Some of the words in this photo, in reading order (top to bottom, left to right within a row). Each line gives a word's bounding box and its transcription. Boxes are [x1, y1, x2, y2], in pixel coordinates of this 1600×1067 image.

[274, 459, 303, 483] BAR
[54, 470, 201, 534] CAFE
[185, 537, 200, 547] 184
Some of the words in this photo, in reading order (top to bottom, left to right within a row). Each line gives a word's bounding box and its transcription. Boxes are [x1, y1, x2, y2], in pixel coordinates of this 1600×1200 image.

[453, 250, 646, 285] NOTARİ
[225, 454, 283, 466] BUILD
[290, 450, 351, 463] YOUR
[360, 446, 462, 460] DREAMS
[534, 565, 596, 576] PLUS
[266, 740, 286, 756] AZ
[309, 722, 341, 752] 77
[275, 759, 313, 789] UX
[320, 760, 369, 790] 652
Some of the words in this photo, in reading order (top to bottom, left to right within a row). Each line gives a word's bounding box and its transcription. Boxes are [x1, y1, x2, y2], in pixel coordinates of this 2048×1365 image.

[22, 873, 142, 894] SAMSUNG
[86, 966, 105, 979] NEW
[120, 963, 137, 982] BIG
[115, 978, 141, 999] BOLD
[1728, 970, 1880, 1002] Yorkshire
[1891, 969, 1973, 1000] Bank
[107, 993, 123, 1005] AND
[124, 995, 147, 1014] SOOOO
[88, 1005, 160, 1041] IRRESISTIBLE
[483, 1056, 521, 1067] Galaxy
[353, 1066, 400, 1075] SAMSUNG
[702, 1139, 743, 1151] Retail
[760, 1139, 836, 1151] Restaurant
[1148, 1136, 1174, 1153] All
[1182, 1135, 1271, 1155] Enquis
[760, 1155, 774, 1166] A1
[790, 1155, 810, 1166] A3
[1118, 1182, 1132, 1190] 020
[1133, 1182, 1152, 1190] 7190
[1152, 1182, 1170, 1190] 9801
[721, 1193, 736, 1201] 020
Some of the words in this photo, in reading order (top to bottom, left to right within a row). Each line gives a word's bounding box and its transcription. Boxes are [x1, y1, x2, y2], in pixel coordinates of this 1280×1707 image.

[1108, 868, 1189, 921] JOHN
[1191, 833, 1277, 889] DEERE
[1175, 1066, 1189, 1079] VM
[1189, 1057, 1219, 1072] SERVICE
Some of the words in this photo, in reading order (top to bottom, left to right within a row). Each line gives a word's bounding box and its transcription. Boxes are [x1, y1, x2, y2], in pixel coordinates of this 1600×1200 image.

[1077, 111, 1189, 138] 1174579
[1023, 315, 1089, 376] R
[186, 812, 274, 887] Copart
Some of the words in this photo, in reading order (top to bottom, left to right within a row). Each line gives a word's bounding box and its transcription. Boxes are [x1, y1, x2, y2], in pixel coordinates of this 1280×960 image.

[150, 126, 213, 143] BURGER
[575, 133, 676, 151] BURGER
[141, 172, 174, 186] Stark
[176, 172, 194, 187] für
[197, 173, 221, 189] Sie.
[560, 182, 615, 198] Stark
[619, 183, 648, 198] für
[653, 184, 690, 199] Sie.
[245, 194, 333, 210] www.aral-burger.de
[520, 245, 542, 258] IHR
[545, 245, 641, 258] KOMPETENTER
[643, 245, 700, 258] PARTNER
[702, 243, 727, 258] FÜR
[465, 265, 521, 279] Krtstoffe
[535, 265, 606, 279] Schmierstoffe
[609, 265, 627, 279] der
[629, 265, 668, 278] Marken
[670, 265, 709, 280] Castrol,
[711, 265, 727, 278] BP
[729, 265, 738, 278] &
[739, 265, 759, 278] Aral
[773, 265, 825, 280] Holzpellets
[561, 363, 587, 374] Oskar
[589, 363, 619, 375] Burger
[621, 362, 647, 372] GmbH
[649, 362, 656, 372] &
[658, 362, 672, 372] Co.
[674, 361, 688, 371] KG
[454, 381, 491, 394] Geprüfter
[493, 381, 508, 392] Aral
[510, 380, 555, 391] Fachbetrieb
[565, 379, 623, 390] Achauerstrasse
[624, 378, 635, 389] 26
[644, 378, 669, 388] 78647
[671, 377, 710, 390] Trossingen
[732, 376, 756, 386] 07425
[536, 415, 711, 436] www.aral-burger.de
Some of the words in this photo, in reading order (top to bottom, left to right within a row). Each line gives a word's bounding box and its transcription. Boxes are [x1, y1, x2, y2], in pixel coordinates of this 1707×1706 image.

## EXERCISE DESCRIPTION:
All lines in the material are to be returned exactly.

## OUTPUT BELOW:
Some of the words in this photo, in reading order (top to bottom, left to right within a row). Each line gives a word's bounding box and its transcription. Boxes are [x1, y1, x2, y2], in pixel coordinates of this 1600×1067 image.

[274, 459, 303, 483] BAR
[54, 470, 201, 534] CAFE
[185, 537, 200, 547] 184
Some of the words in this photo, in reading order (top to bottom, left to right within a row). Each line gives a word's bounding box and its transcription. Boxes are [x1, y1, x2, y2], in pixel coordinates of this 1600×1200 image.

[453, 250, 646, 285] NOTARİ
[225, 454, 283, 466] BUILD
[290, 450, 351, 463] YOUR
[360, 446, 462, 460] DREAMS
[534, 565, 596, 576] PLUS
[266, 740, 286, 756] AZ
[309, 722, 341, 752] 77
[275, 759, 313, 789] UX
[320, 760, 369, 790] 652
Some of the words in this photo, in reading order (top to bottom, left to right within a row). Each line gives a word's bounding box and its transcription. Boxes are [x1, y1, x2, y2], in pixel coordinates of this 2048×1365 image.

[22, 873, 142, 894] SAMSUNG
[86, 966, 105, 979] NEW
[120, 963, 137, 982] BIG
[115, 978, 141, 999] BOLD
[1728, 970, 1880, 1002] Yorkshire
[1891, 969, 1973, 1000] Bank
[107, 993, 123, 1005] AND
[124, 995, 147, 1014] SOOOO
[88, 1005, 160, 1041] IRRESISTIBLE
[483, 1056, 521, 1067] Galaxy
[353, 1066, 400, 1075] SAMSUNG
[702, 1139, 743, 1151] Retail
[760, 1139, 836, 1151] Restaurant
[1148, 1136, 1174, 1153] All
[1182, 1135, 1271, 1155] Enquis
[760, 1155, 774, 1166] A1
[790, 1155, 810, 1166] A3
[1118, 1182, 1132, 1190] 020
[1133, 1182, 1152, 1190] 7190
[1152, 1182, 1170, 1190] 9801
[721, 1193, 736, 1201] 020
Some of the words in this photo, in reading order (top to bottom, left to right within a row). Each line gives a word's bounding box and its transcription. Boxes are [x1, y1, x2, y2], in pixel coordinates of this 1280×1707 image.

[1108, 868, 1189, 921] JOHN
[1191, 833, 1277, 889] DEERE
[1175, 1066, 1189, 1079] VM
[1189, 1057, 1219, 1072] SERVICE
Some of the words in this photo, in reading order (top to bottom, left to right within a row). Each line gives a word's bounding box and its transcription. Boxes are [x1, y1, x2, y2], in pixel coordinates of this 1600×1200 image.

[1077, 111, 1189, 138] 1174579
[1023, 315, 1089, 376] R
[186, 812, 274, 887] Copart
Some of the words in this photo, in reading order (top to bottom, left to right within a row). Each line gives a word's bounding box and its transcription. Boxes are [x1, y1, x2, y2], in pixel coordinates of this 1280×960 image.

[150, 126, 213, 143] BURGER
[575, 133, 676, 151] BURGER
[141, 172, 174, 186] Stark
[176, 172, 194, 187] für
[197, 173, 221, 189] Sie.
[560, 182, 615, 198] Stark
[619, 183, 648, 198] für
[653, 184, 690, 199] Sie.
[245, 194, 333, 210] www.aral-burger.de
[520, 245, 542, 258] IHR
[545, 245, 641, 258] KOMPETENTER
[643, 245, 700, 258] PARTNER
[702, 243, 727, 258] FÜR
[465, 265, 521, 279] Krtstoffe
[535, 265, 606, 279] Schmierstoffe
[609, 265, 627, 279] der
[629, 265, 668, 278] Marken
[670, 265, 709, 280] Castrol,
[711, 265, 727, 278] BP
[729, 265, 738, 278] &
[739, 265, 759, 278] Aral
[773, 265, 825, 280] Holzpellets
[561, 363, 587, 374] Oskar
[589, 363, 619, 375] Burger
[621, 362, 647, 372] GmbH
[649, 362, 656, 372] &
[658, 362, 672, 372] Co.
[674, 361, 688, 371] KG
[454, 381, 491, 394] Geprüfter
[493, 381, 508, 392] Aral
[510, 380, 555, 391] Fachbetrieb
[565, 379, 623, 390] Achauerstrasse
[624, 378, 635, 389] 26
[644, 378, 669, 388] 78647
[671, 377, 710, 390] Trossingen
[732, 376, 756, 386] 07425
[536, 415, 711, 436] www.aral-burger.de
Some of the words in this photo, in reading order (top to bottom, left to right within a row). Each line gives a word's bounding box and its transcription. Boxes are [x1, y1, x2, y2], in pixel coordinates of this 1707×1706 image.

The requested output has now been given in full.